"There's no point in spending your life in the pursuit of something that's easy." - Alice Kuipers

Saturday, August 28, 2010

I'm Nervous

I can't believe it, but I only have two months left before I'm done with massage. I have to give my notice on Monday. I'm scared to death. What if I'm unable to earn enough money to pay my bills? What if my boss hates me?
The truth is, there are things about massage that I'm going to miss. My coworkers for example. They're all really nice, especially my absolute favourite. He's been my inspiration for the four years I've worked there. From the beginning he was always full of wonderful advice like, "if you don't like the elderly, don't treat them!" and "if someone pisses you off, kick them out! You don't have to take crap from anybody". Sigh, my hero.
My favourite memory (one I will always cherish) is the day he kicked out one of his own clients. Why? Well, the bitch came in while he was still dealing with another one of his clients and loudly proclaimed for all to hear,
"Oh by the way, you know that problem of mine you've been working on for two years? I went for a myofascial treatment and it's gone."

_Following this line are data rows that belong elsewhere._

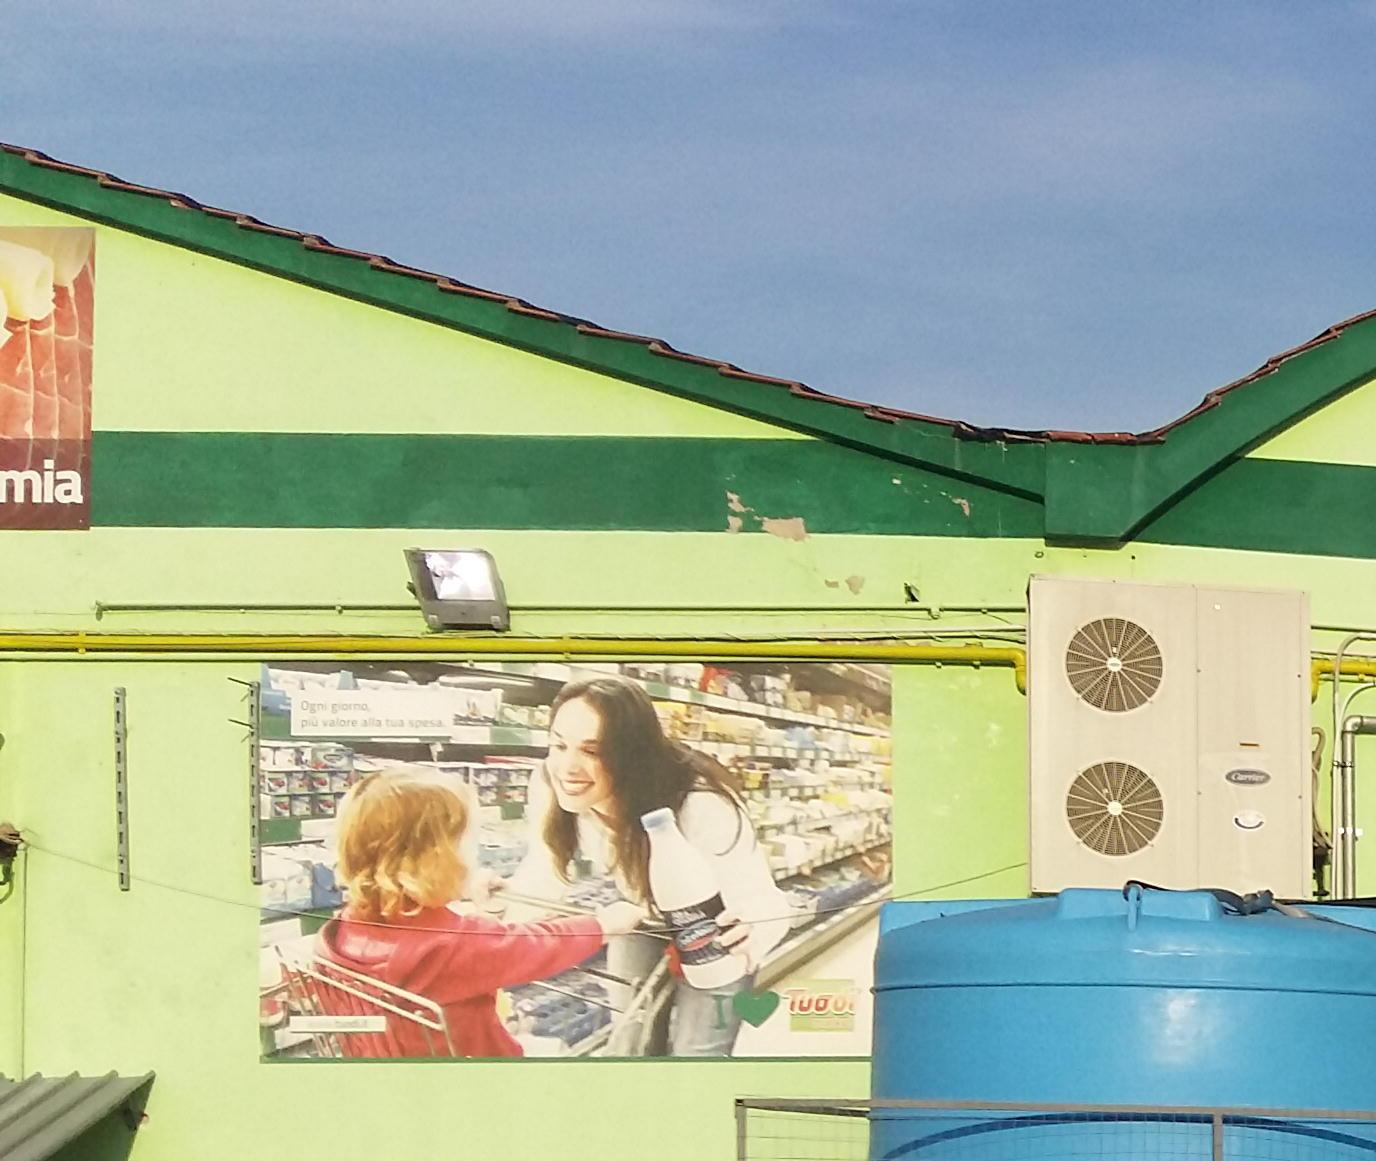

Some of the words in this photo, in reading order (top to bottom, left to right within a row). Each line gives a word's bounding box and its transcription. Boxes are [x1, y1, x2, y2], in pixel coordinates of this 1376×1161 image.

[0, 458, 84, 504] mia
[301, 700, 327, 713] Ogni
[331, 702, 371, 714] giorno,
[301, 716, 318, 728] più
[322, 717, 357, 727] valore
[362, 718, 382, 728] alla
[386, 718, 404, 728] tua
[408, 719, 446, 729] spesa.

He politely nodded and smiled and finished dealing with his other client. Then, he took her into his treatment room and began to berate her for her rudeness. He asked her why she would feel the need to announce this in front of his other client, and, if she liked myofascial so much better what the hell was she doing here?
Her answer?
"Well, I couldn't get in there for two months."
His response?
"Yeah, well you aren't getting in here either."

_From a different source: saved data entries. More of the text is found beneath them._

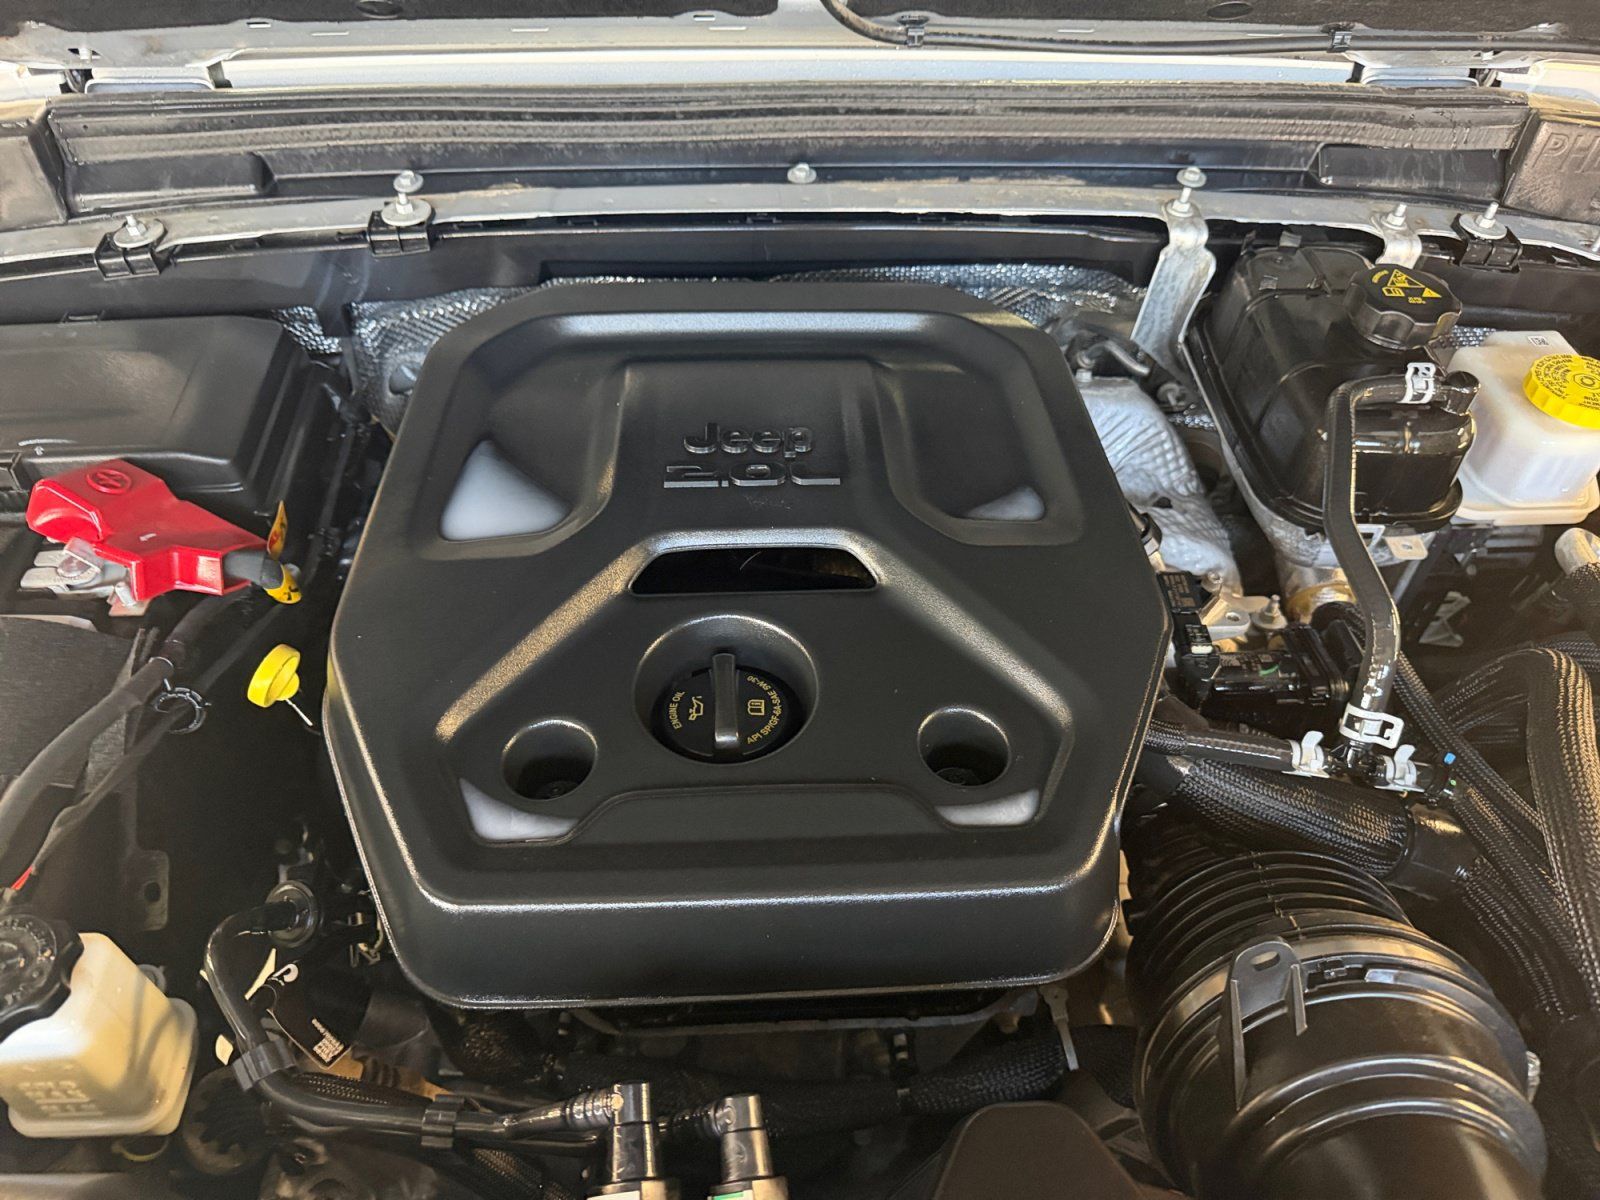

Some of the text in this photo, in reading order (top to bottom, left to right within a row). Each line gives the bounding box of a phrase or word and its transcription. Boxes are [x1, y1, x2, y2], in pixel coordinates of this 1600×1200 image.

[683, 421, 814, 459] Jeep
[663, 461, 841, 489] 2.0L
[669, 690, 686, 730] ENGINE OIL
[746, 732, 762, 745] API
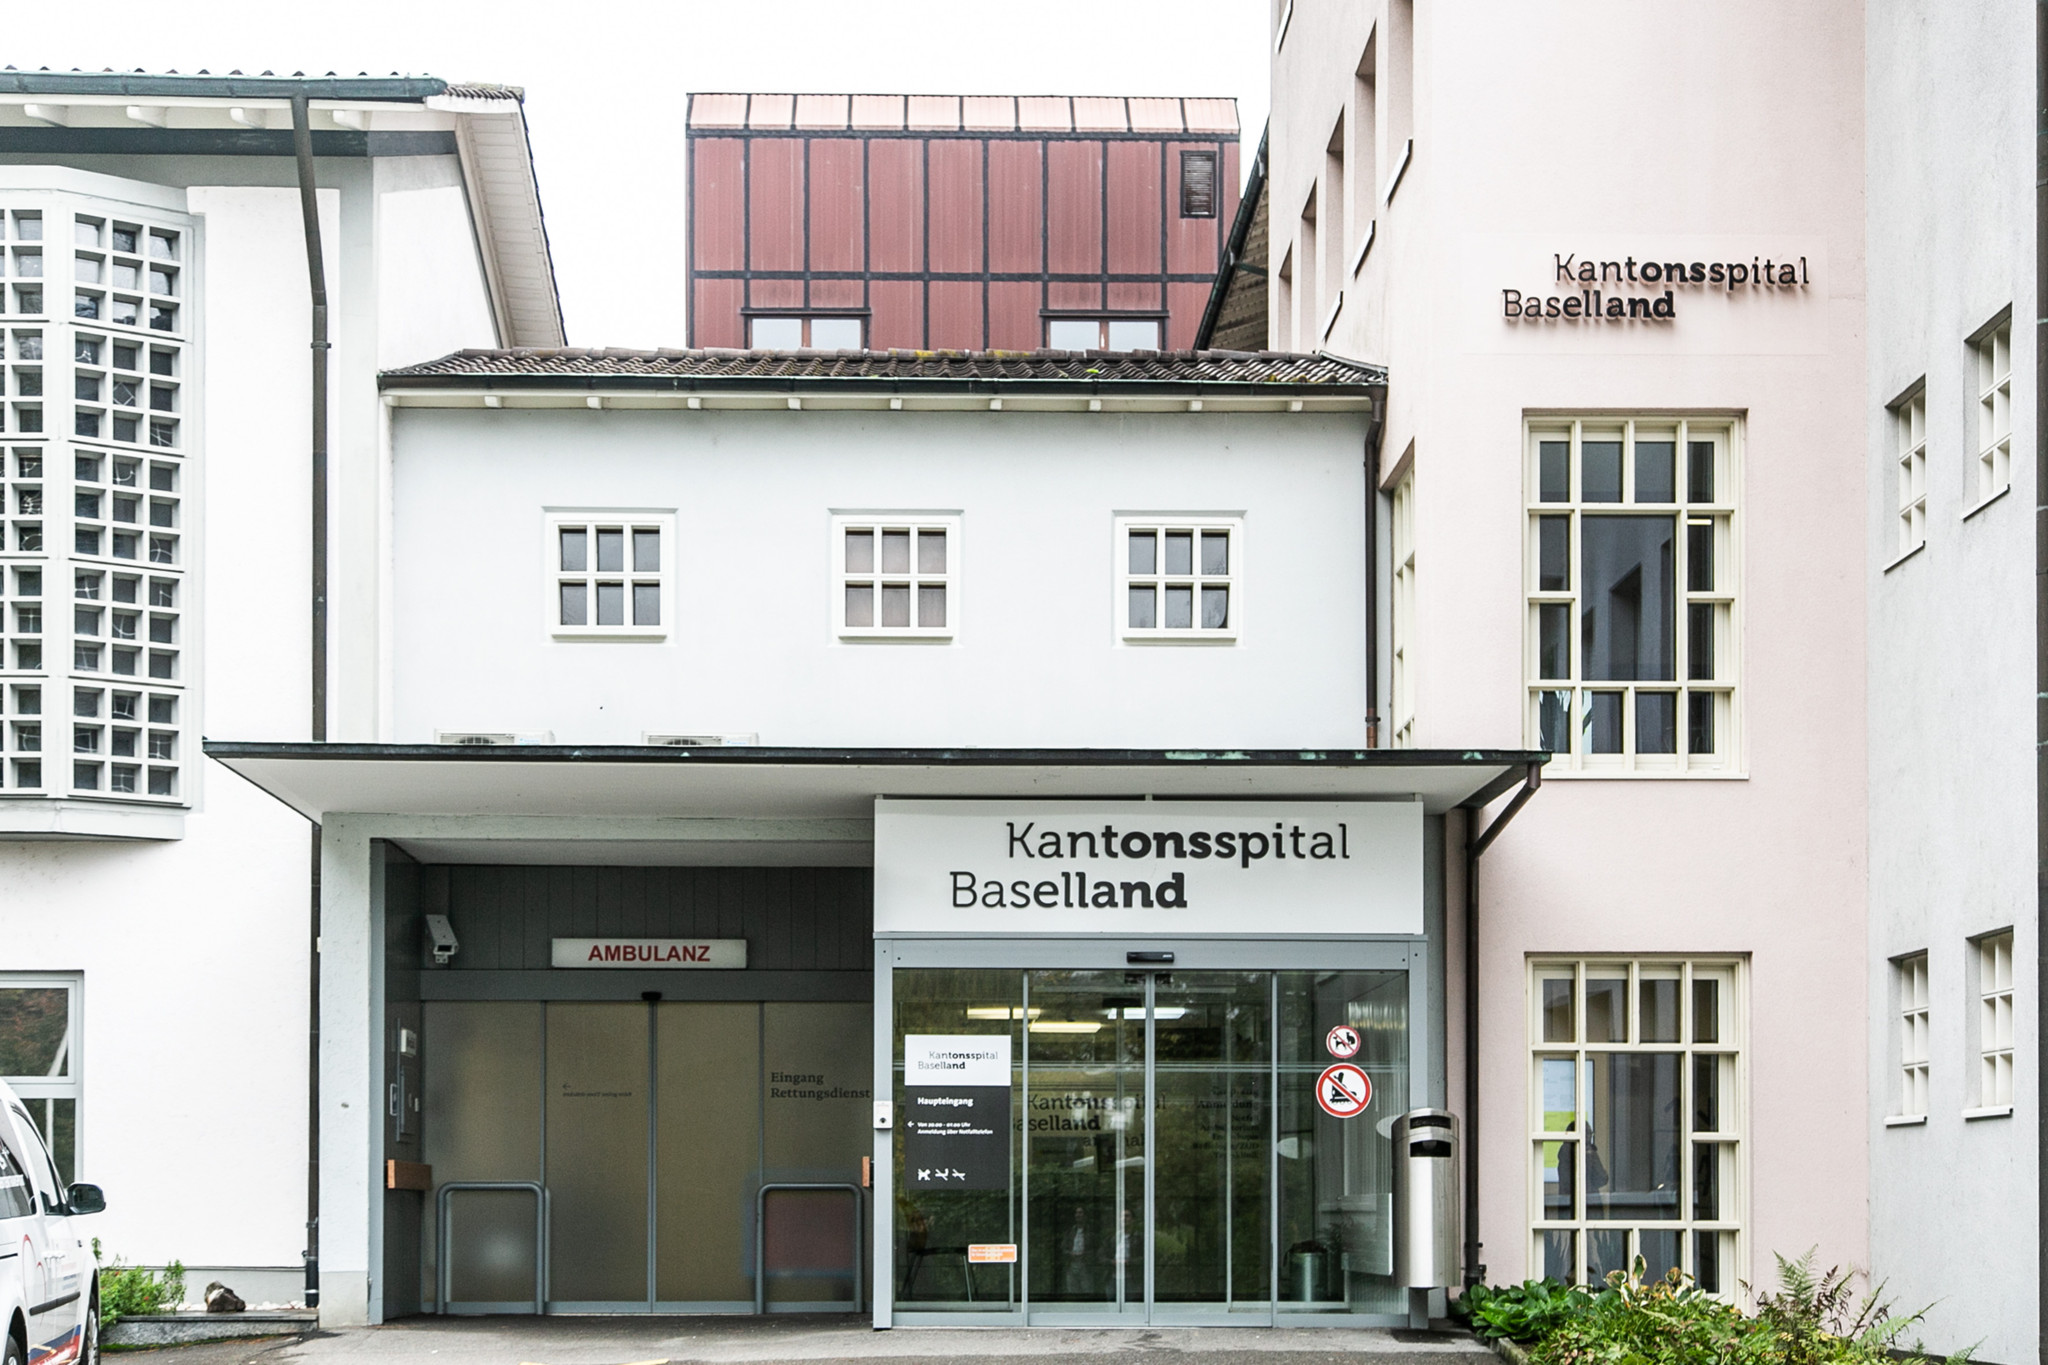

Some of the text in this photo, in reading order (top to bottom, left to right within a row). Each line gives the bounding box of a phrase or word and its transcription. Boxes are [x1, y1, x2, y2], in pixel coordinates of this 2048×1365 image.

[1555, 253, 1810, 291] Kantonsspital
[1502, 289, 1676, 319] Baselland
[1006, 822, 1350, 868] Kantonsspital
[949, 871, 1188, 909] Baselland
[588, 945, 711, 962] AMBULANZ
[929, 1050, 998, 1061] Kantonsspital
[918, 1061, 966, 1070] Baselland
[771, 1072, 824, 1086] Eingang
[770, 1087, 871, 1101] Rettungsdienst
[917, 1097, 974, 1107] Haupteingang
[1012, 1115, 1101, 1132] aselland

And then he unceremoniously kicked her bitchy ass out. My hero!!
Yes, it's the fond memories like these that I will cherish when I'm gone. Who will be bitter and make sarcastic comments with me? Not to mention the delightfully short hours. I hope I'm not making a big mistake (as I so often do), but every time I think of staying the revulsion rises in my gut and I know it's not an option. So, onward and upward as they say. In two months I'll be gone.